═══ The data

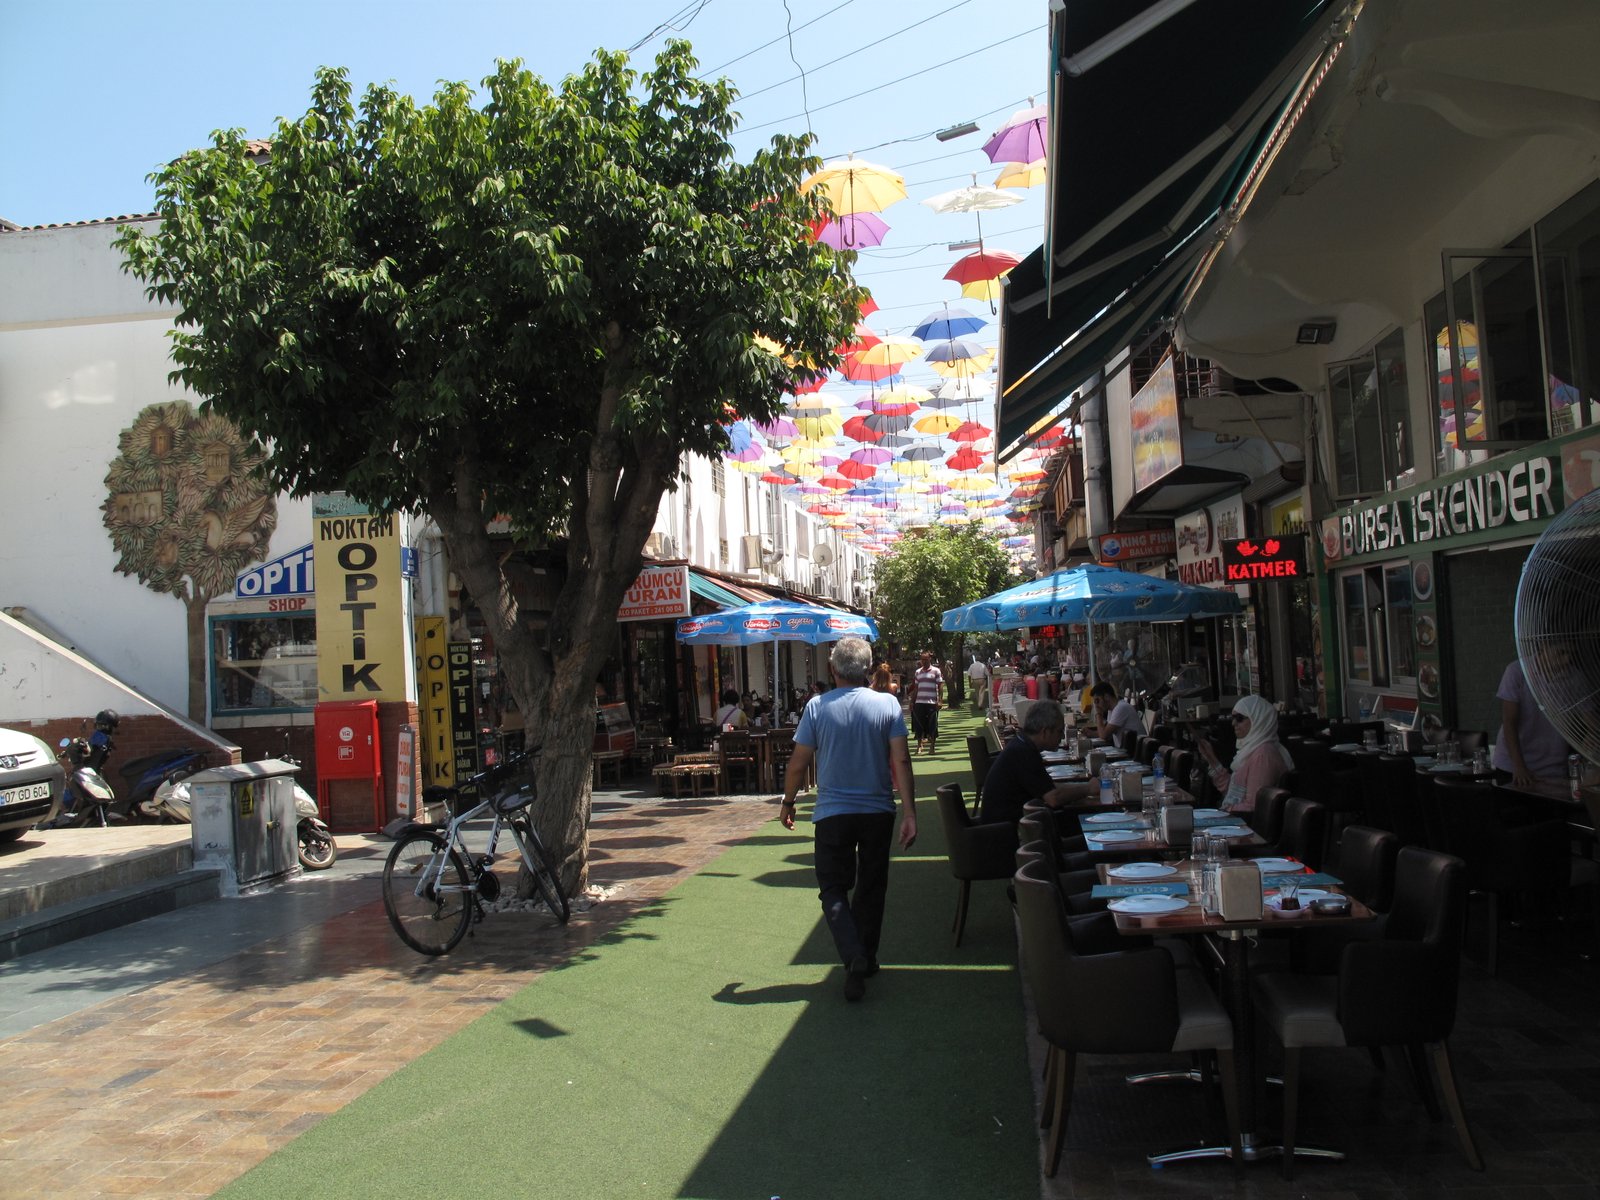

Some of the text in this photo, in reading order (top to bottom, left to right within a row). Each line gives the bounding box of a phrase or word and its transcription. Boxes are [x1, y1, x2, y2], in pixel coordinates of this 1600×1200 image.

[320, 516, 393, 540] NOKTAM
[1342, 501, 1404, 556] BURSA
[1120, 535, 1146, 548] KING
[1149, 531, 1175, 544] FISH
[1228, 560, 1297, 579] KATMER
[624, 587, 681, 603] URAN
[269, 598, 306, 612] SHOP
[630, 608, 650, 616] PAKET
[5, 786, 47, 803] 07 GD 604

══════

#### What is expected
Exactly as they appear above, write out all the entries, without pictures.

#### The answer
Some of the text in this photo, in reading order (top to bottom, left to right within a row). Each line gives the bounding box of a phrase or word and its transcription. Boxes are [x1, y1, x2, y2], in pixel coordinates of this 1600×1200 image.

[320, 516, 393, 540] NOKTAM
[1342, 501, 1404, 556] BURSA
[1120, 535, 1146, 548] KING
[1149, 531, 1175, 544] FISH
[1228, 560, 1297, 579] KATMER
[624, 587, 681, 603] URAN
[269, 598, 306, 612] SHOP
[630, 608, 650, 616] PAKET
[5, 786, 47, 803] 07 GD 604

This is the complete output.